Task description: Would you retype exactly the lines below, starting with the one that has "this 1166×1750 image." and going on through the one that has "this 1200×1600 image.", with no pictures and nothing else?

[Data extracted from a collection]
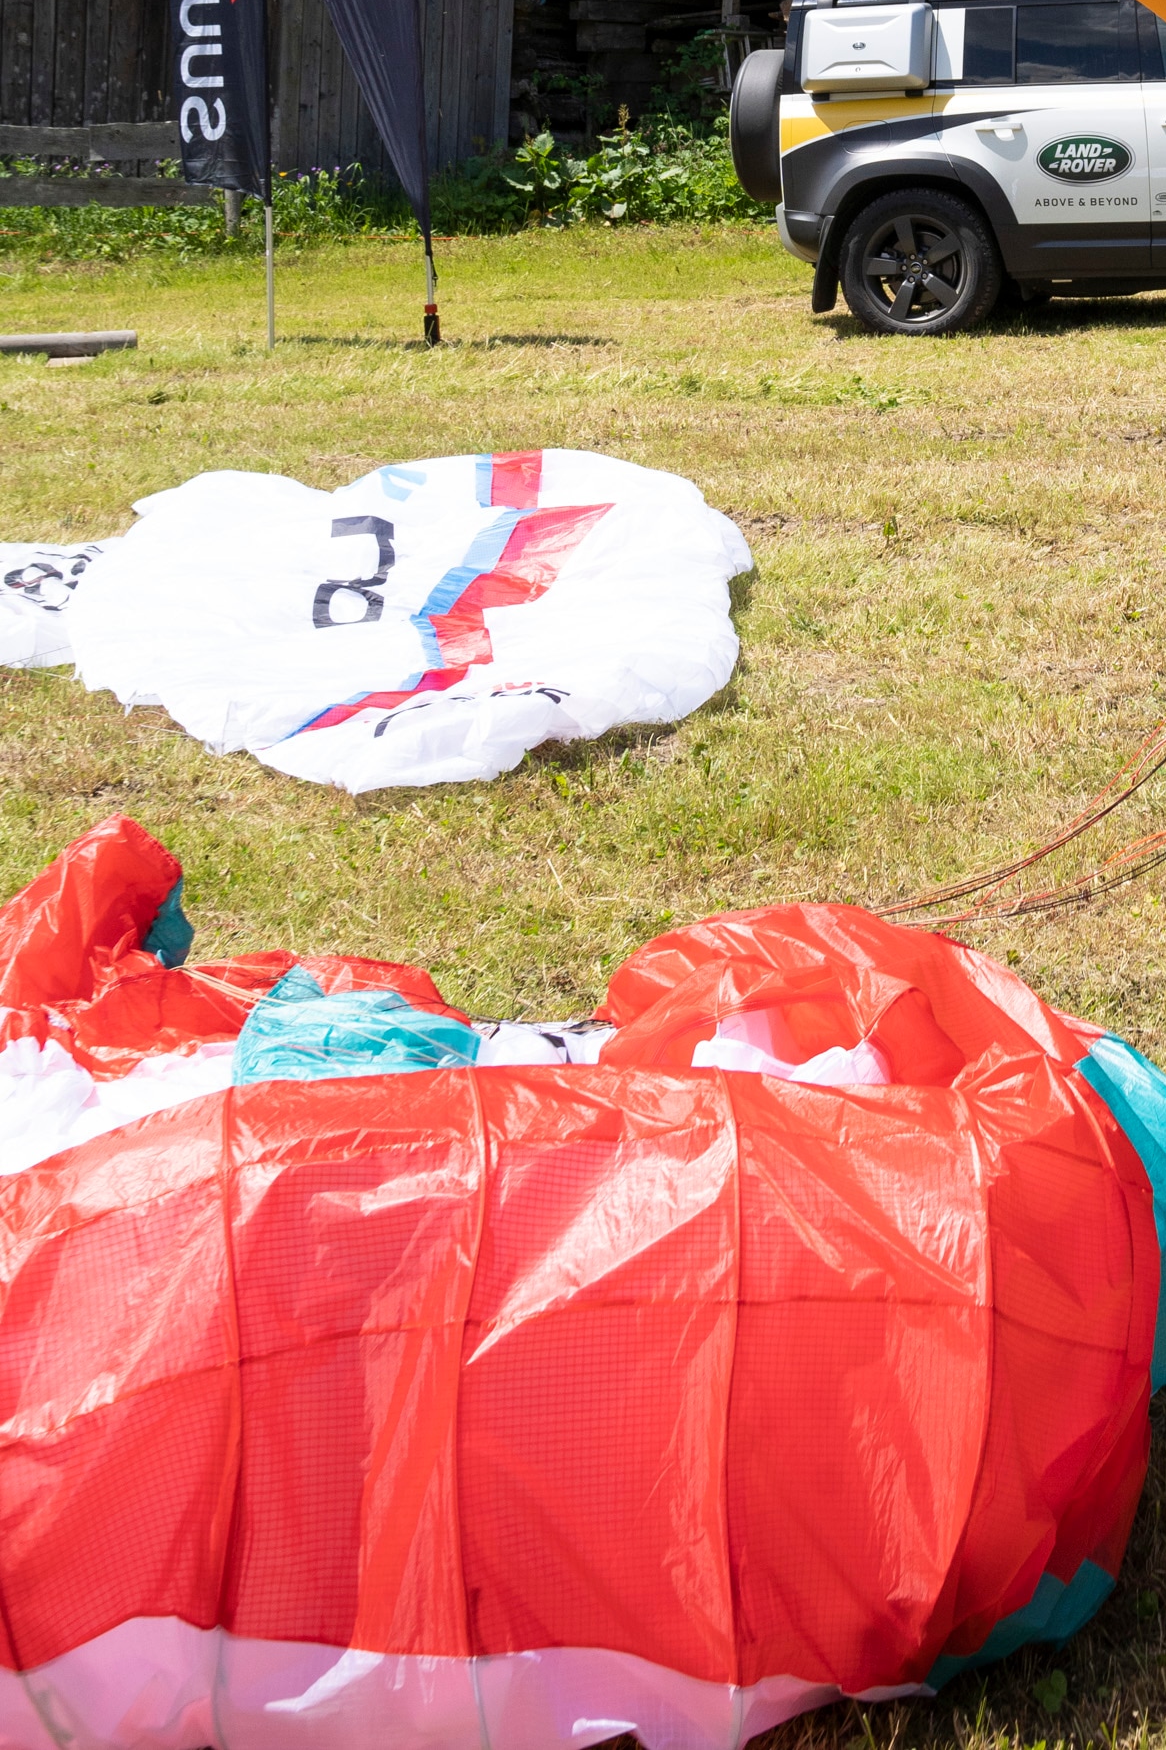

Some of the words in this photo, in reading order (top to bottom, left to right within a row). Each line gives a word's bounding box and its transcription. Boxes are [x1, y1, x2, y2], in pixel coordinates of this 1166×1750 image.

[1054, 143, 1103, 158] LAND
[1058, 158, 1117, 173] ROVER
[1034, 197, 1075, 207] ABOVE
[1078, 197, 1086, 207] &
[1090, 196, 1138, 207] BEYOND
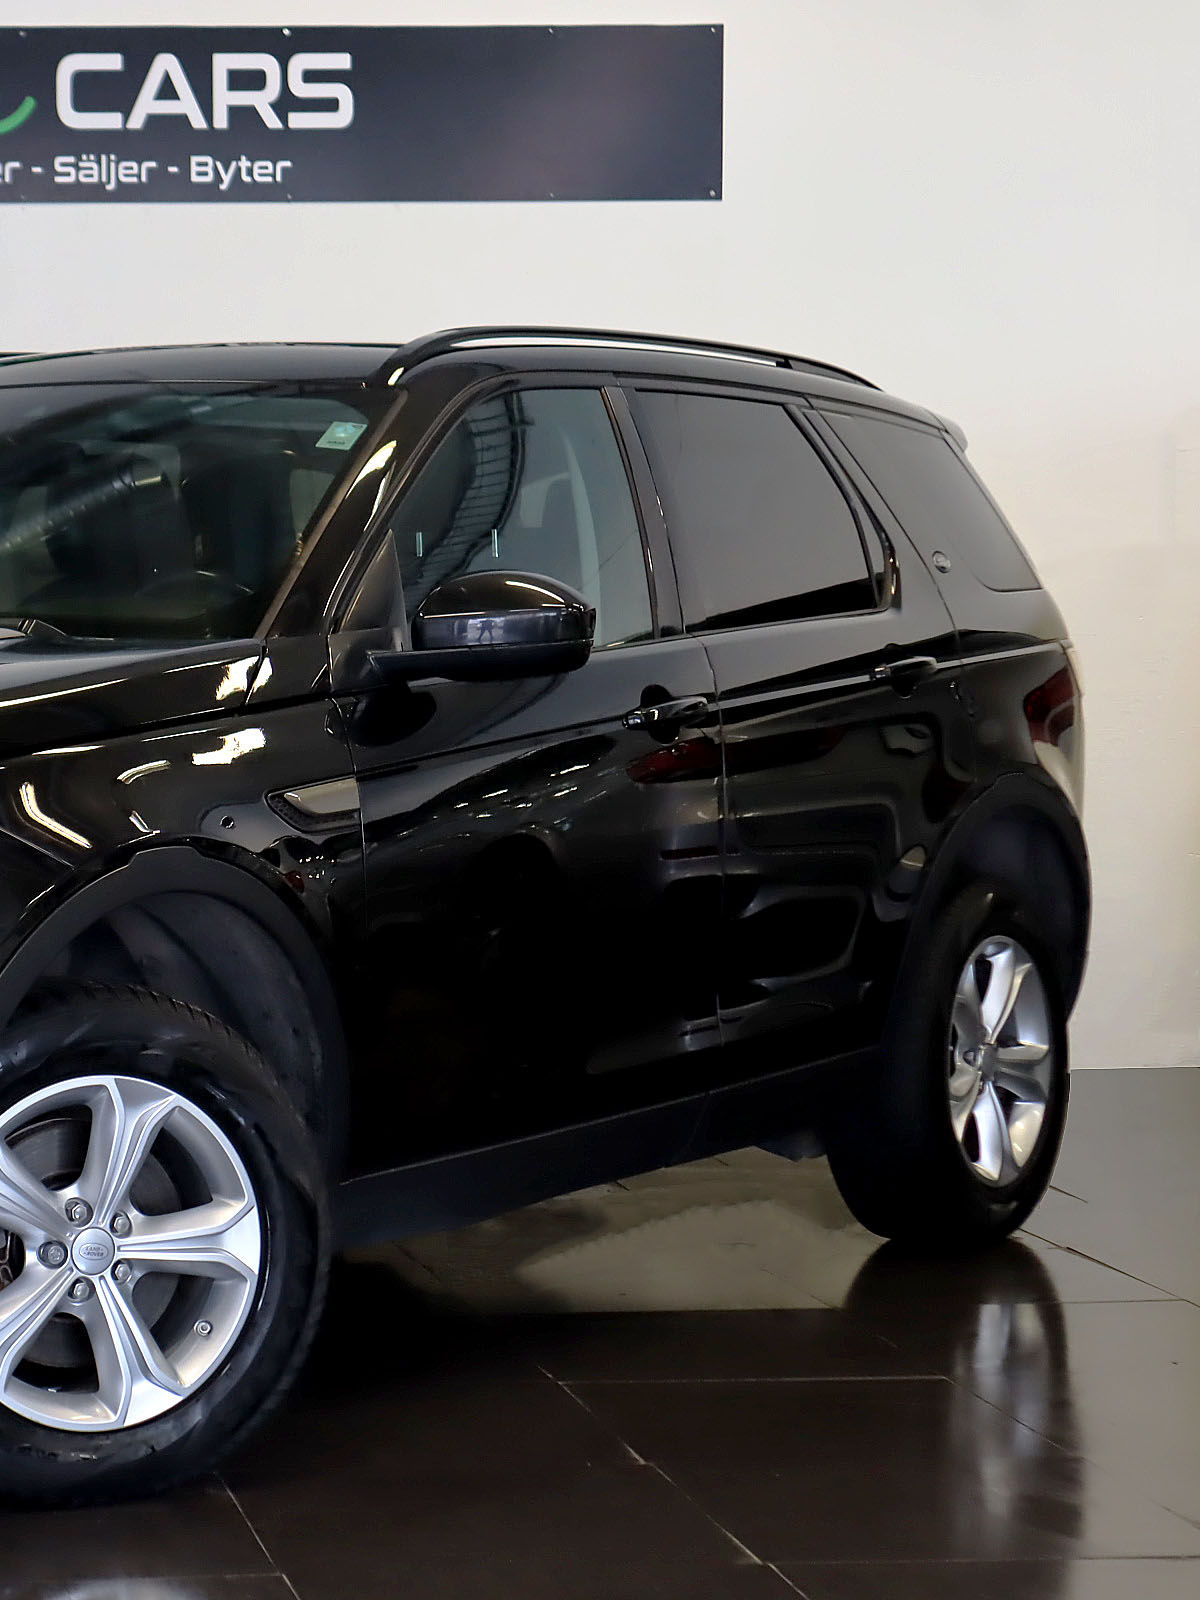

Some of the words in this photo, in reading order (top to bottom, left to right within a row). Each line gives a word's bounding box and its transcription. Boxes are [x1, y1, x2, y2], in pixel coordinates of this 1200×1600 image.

==

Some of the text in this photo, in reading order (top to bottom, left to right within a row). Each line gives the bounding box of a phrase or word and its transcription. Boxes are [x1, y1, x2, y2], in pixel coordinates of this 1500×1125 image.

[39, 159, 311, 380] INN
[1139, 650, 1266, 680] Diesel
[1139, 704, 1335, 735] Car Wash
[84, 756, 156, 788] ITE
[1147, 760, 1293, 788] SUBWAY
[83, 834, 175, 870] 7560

Exercise solution:
Some of the words in this photo, in reading order (top to bottom, left to right within a row). Each line gives a word's bounding box and its transcription. Boxes are [x1, y1, x2, y2], in pixel coordinates of this 1166×1750 image.

[1054, 143, 1103, 158] LAND
[1058, 158, 1117, 173] ROVER
[1034, 197, 1075, 207] ABOVE
[1078, 197, 1086, 207] &
[1090, 196, 1138, 207] BEYOND

Some of the words in this photo, in reading order (top to bottom, left to right within a row). Each line gives a word's bounding box and its transcription. Boxes are [x1, y1, x2, y2], in pixel coordinates of this 1200×1600 image.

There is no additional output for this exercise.